Por Rodolfo Braceli, Desde Buenos Aires
Bueno sería que en vez de columnas de opinión que sólo sirven para tranquilizar conciencias turbias y desmemoriadas, hiciéramos reflexión autocrítica. Voy a reanudar conceptos vertidos hace quince, hace diez años en esta columna. La situación estos años no sólo se mantiene sino que algunos aspectos relativos a la soberanía se ha agravado. De pronto nos encontramos con altísimos funcionarios que consideran a las Malvinas un pedacito de territorio descartable, que bien serviría para canjearlo, por ejemplo, por deuda externa (cada día más impagable)
Me vuelve la pregunta: ¿Qué opinarían nuestros militares ciudadanos, Manuel Belgrano y José de San Martín si vieran lo que pasó durante y después de la (des)guerra de Malvinas? Murieron algunos cientos de casi criaturas, en las islas y con el hundimiento del Belgrano. Después de esa carnicería, aquí, en este mapa patrio, se suicidaron mucho más de 400 ex soldados. Más murieron aquí, ya retornados, que combatiendo en las islas. Faltan cifras oficiales, tal el desinterés explícito que ha producido semejante tema.

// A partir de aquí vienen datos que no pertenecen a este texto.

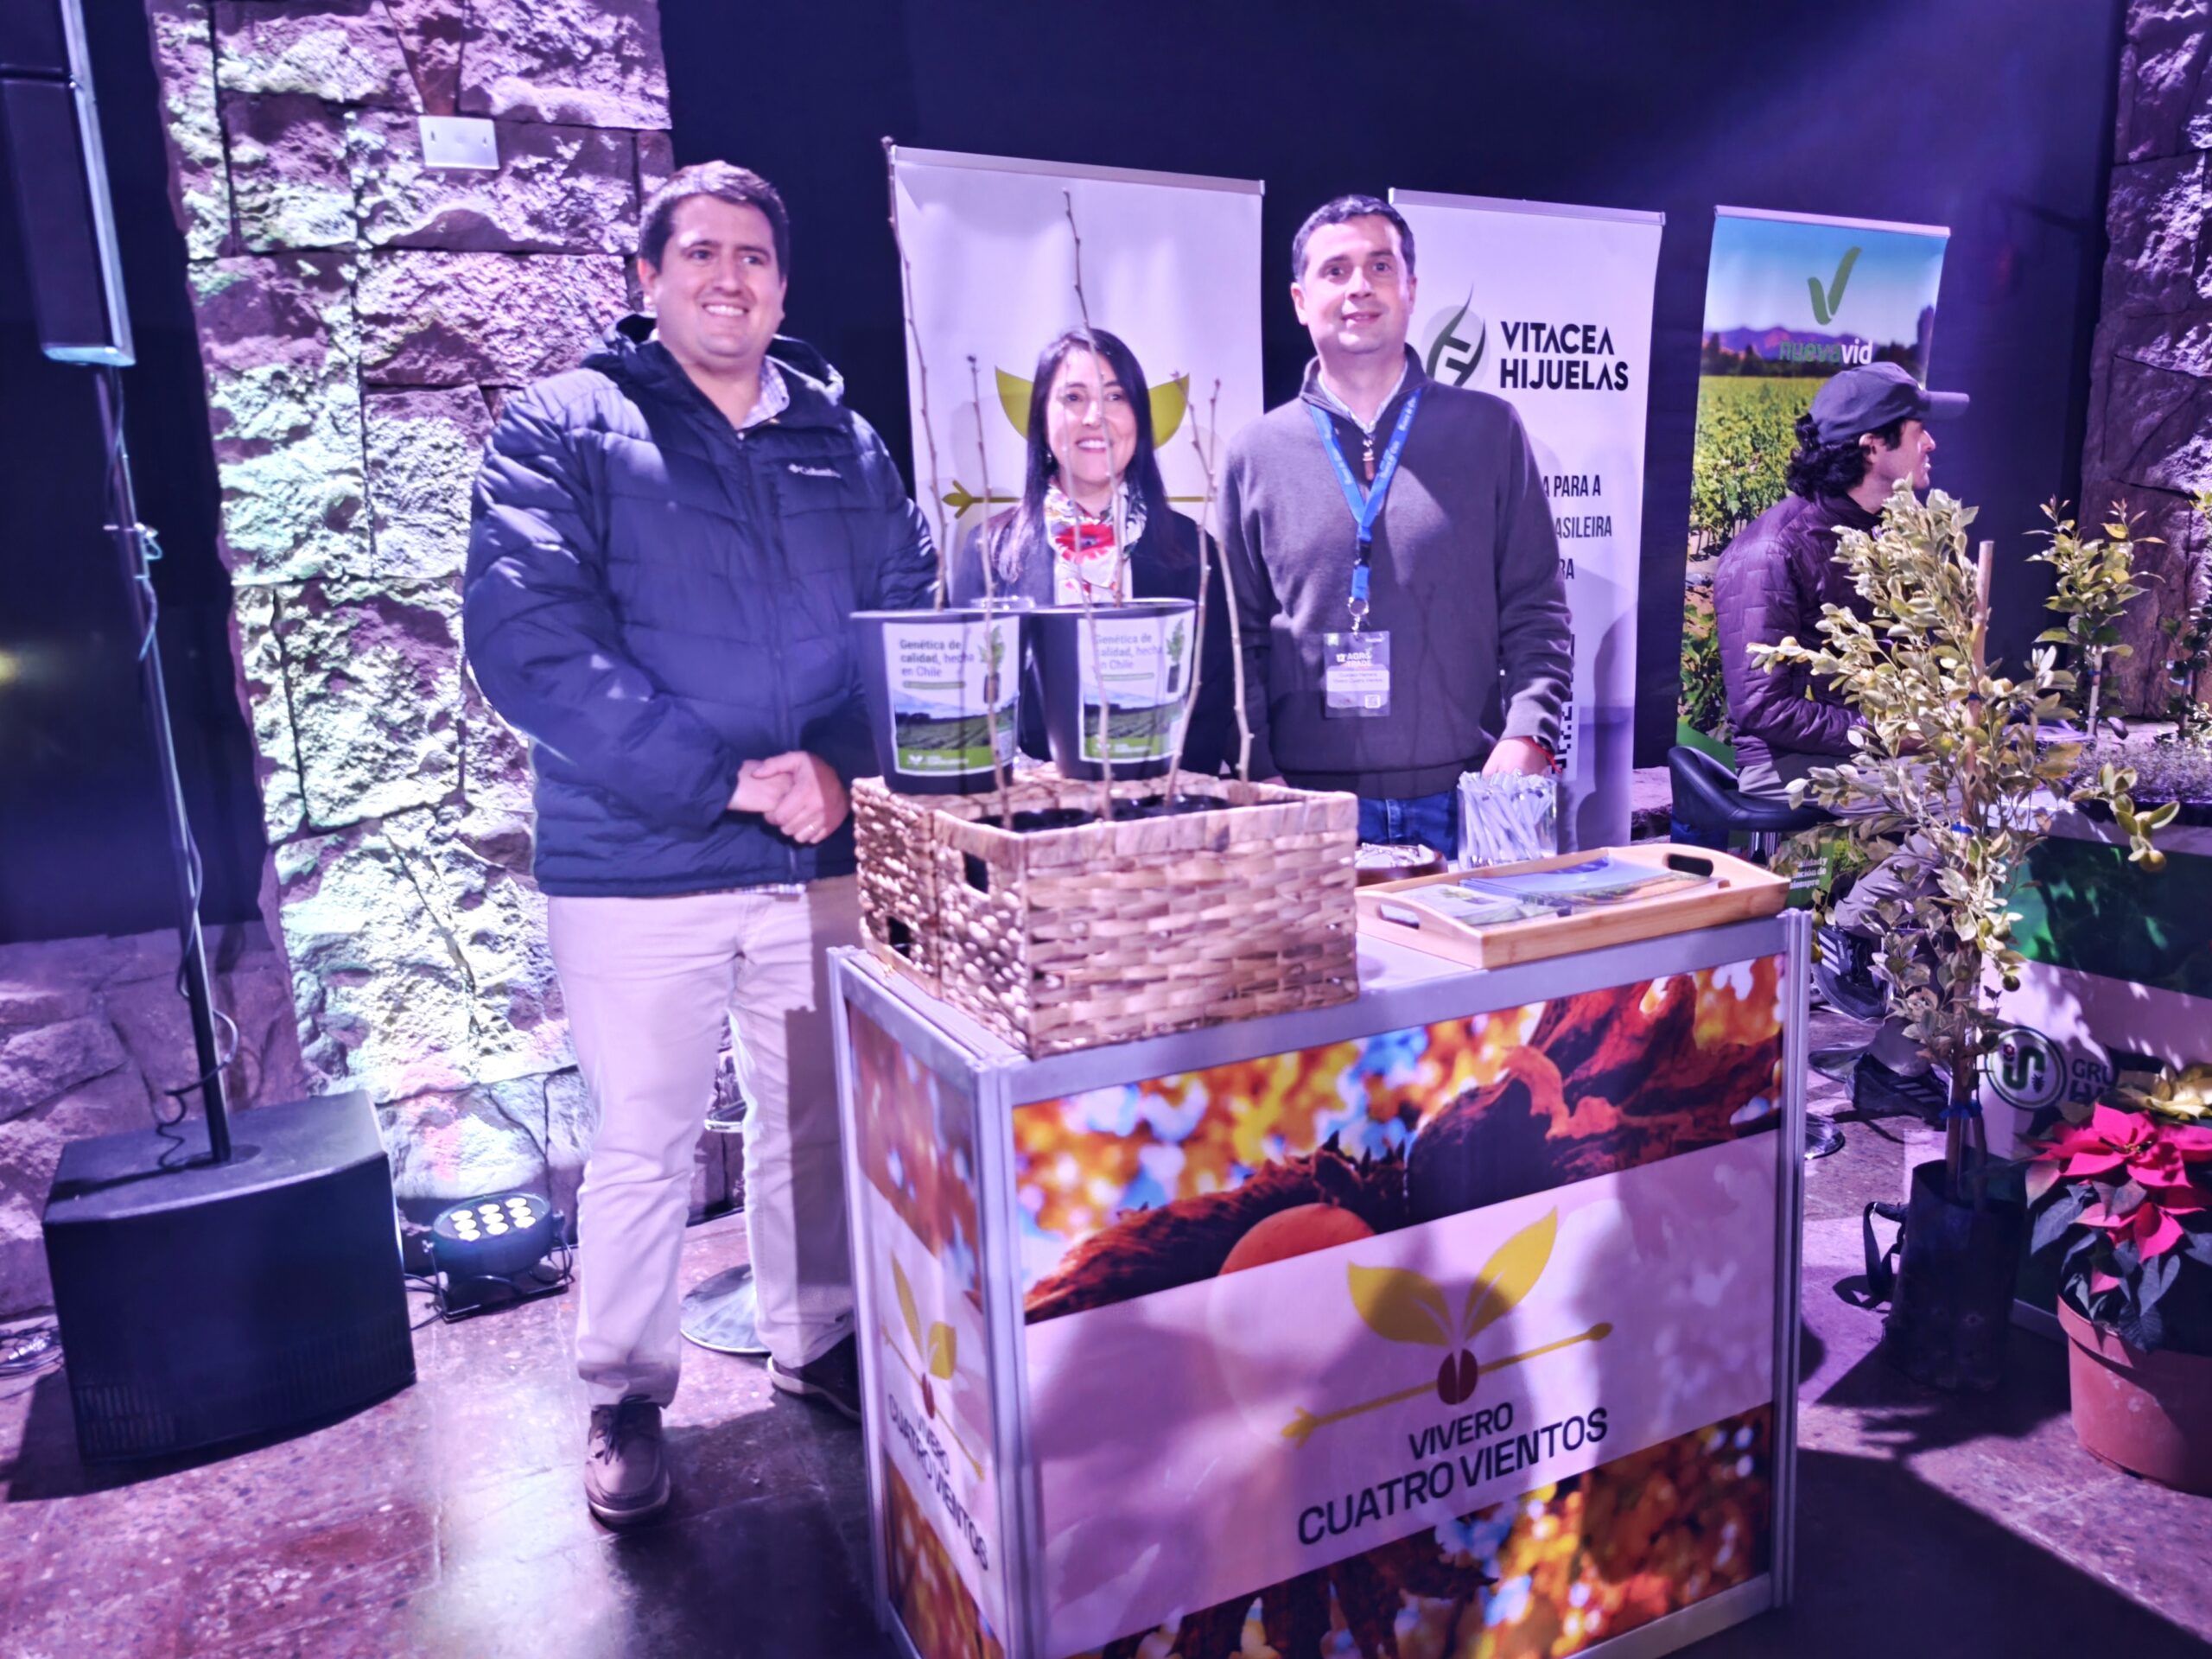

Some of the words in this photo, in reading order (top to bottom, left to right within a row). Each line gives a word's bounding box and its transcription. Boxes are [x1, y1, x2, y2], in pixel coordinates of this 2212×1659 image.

Nadie puede negar que los militares de turno nos engañaron. Pero ya es tiempo de asumir que también nosotros nos dejamos engañar. Los medios de (des)comunicación, más allá de la innegable censura, contribuyeron con obsceno denuedo a desatar el triunfalismo y el derrotismo.
Por eso Memoria y balance debemos hacer de lo que nos hicieron y de lo que nos hicimos. Gracias a la desgracia de esa (des)guerra los argentinos estamos en esta especie de enclenque democracia que explotan mejor quienes hoy reniegan de ella. La mayoría de nuestros militares, luego de violar la Constitución se dedicaron a violar las vidas y a violar las muertes, de a miles. Como yapa arrojaban seres vivos al mar y además robaban criaturas, algunas desde la misma placenta. El vaciamiento y las atrocidades acontecían bajo el plan económico de un civill, un tal Martínez de Hoz que con los años encarnaría en Domingo Cavallo y en otros exterminadores que tuvieron su primer apogeo con el Señor de los Anillacos. Así fue: aquellos valientes militares de oficina se apropiaron de un reclamo legítimo para hacer una guerra tan criminal como patética. “Huyeron hacia adelante”, dijo con síntesis don Borges. A todo esto Galtieri salió al balcón y alzó la euforia de una multitud que tres días antes había sido apaleada y agasajada con balas de gomas. Galtieri, con la sinceridad que propicia el whisky, se lo confesó a la italiana Oriana Fallaci: “Tomamos las islas, pero nunca pensamos que la Gran Bretaña iba a mandarnos la flota”. Qué pedazo de corajudo el varón. De los hielos del sur no sabía un pepino. De los hielos del whisky, importado, sí.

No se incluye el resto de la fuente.